William Butler Yeats gilt als einer der wichtigsten irischen Schriftsteller des 20. Jahrhunderts. 1923 wurde er mit dem Literaturnobelpreis ausgezeichnet, seine in englischer Sprache verfassten Werke gelten bis heute als eine wichtige Schullektüre.
Dabei prägten sein irischer Nationalismus und sein Einsatz für die gälische Kultur und Sprache schon früh sein Schaffenswerk; seine Begeisterung für lokale Mythen, Feen- und Geistergeschichten, die er sammelte und somit eine teilweise jahrhundertealte mündliche Überlieferung schriftlich festhielt, lässt sich mit jener der Gebrüder Grimm vergleichen. Allerdings war Yeats nicht nur der Spätromantik verhaftet, sondern wurde auch durch die Avantgarde und den Futurismus beeinflusst, was gerade auch in seinen hier vorliegenden Elfen- und Geistergeschichten zu spüren ist.
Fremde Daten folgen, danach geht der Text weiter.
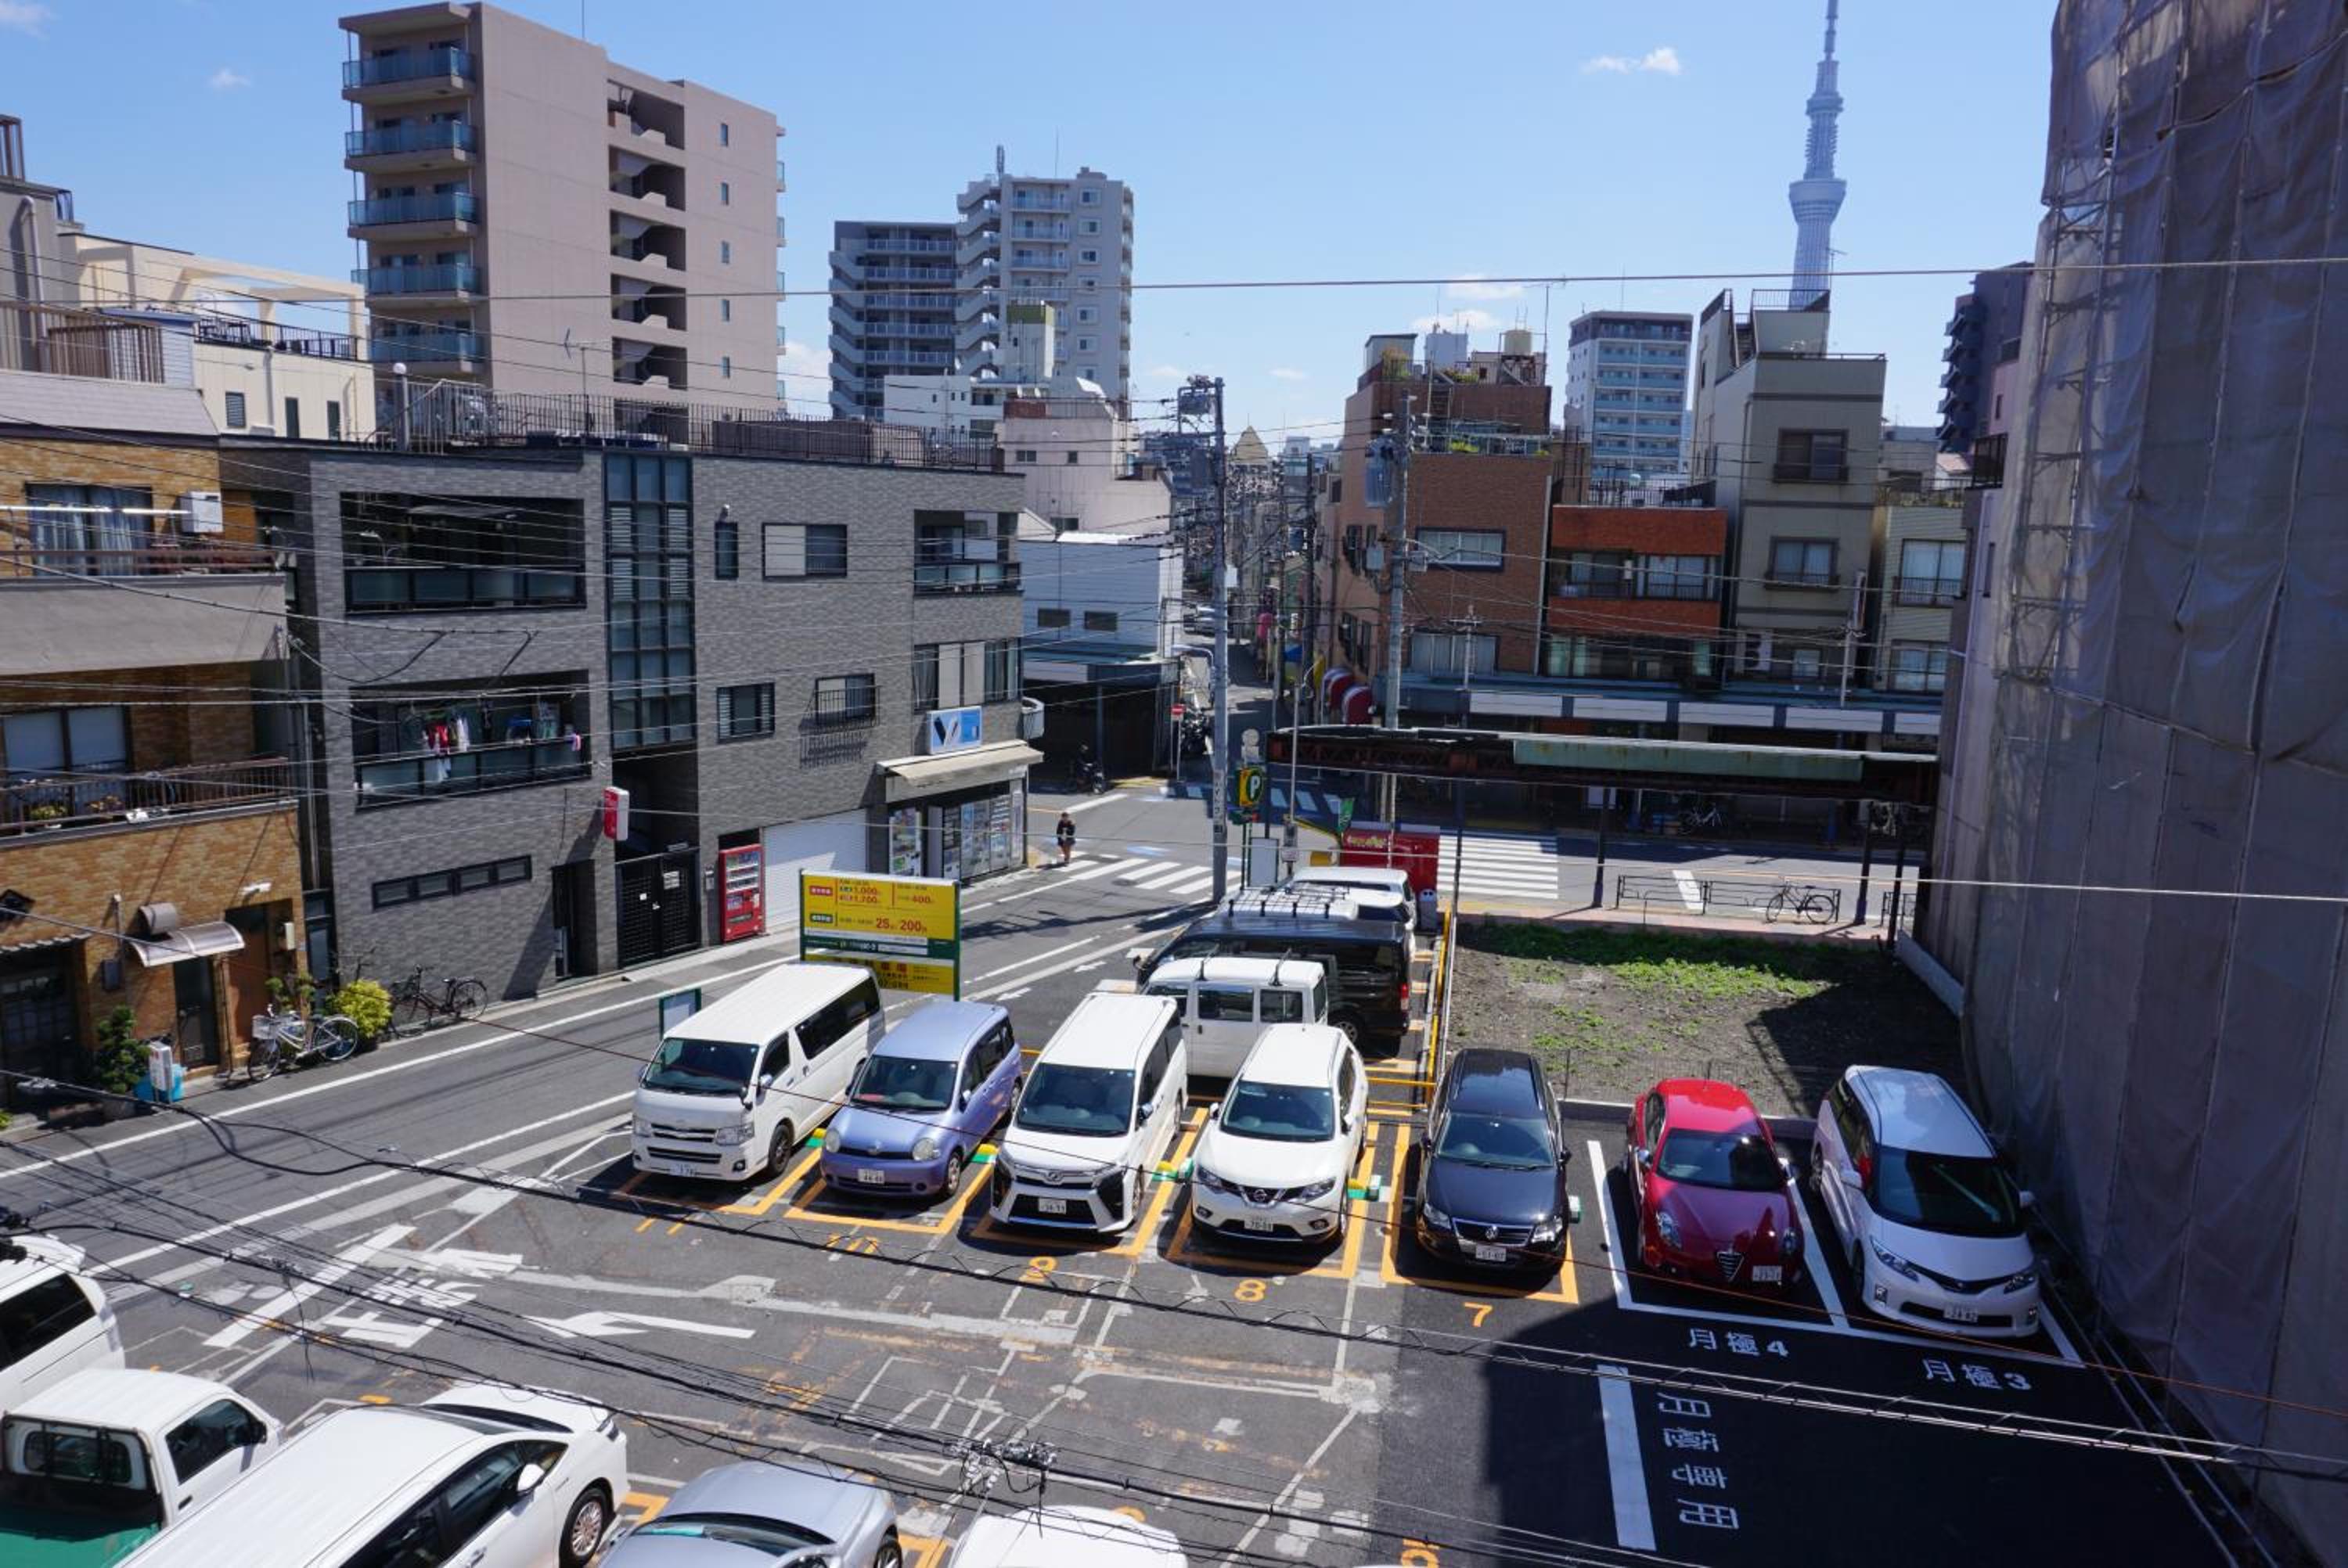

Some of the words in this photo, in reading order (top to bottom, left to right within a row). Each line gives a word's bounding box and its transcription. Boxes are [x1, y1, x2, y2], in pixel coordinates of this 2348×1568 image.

Ein zauberhafter Reigen versammelt sich hier auf 180 Seiten. Junge Mädchen verschwinden im Wald und werden von den Sidhe, den irischen Elfen, zurückgebracht. Gespenster hausen in seltsamen Dörfern an der Küste, feenhafte Damen hausen in den Hügeln der geheimnisvollen irischen Landschaft, und eine junge Frau von überirdischer Schönheit und einer Haut "wie tropfender Schnee" verdreht allen Männern den Kopf. Yeats hat all diese Geschichten gesammelt, und meist erzählt er auch von den Menschen, die sie ihm erzählt haben: seltsame Außenseiter, die lieber mit den Sidhe als mit anderen Menschen verkehren, Barden und Bettler, weise Frauen und Narren. Dabei ist in den kurzen Erzählungen auch das Aufeinanderprallen von Tradition und Moderne zu spüren; Yeats schildert kein märchenhaft-verlorenes Irland einer in sich erstarrten Vergangenheit, sondern ein Land, das auf der Schwelle zum 20. Jahrhundert steht und von Hungersnöten, Kriegen und britischer Fremdherrschaft geprägt ist.
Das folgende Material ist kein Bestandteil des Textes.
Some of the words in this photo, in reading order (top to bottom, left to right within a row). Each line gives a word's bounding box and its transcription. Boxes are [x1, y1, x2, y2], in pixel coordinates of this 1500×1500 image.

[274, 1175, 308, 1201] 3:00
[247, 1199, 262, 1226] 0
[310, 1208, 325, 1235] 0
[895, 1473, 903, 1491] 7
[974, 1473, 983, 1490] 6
Yeats Geschichten liegen dabei in einer recht neuen Übersetzung von Alexander Pechmann vor. Diese ist routiniert, vermag aber den Zauber von Yeats Sprache nicht einzufangen, ja, wirkt an einigen Stellen sogar fast leblos. Wer also des Englischen mächtig ist, sollte die Geschichten unbedingt im Original lesen. Alle anderen können bei der sehr schönen Ausgabe aus dem Verlag Jung und Jung wenig falsch machen und sich von Yeats Elfen- und Geistergeschichten verzaubern lassen.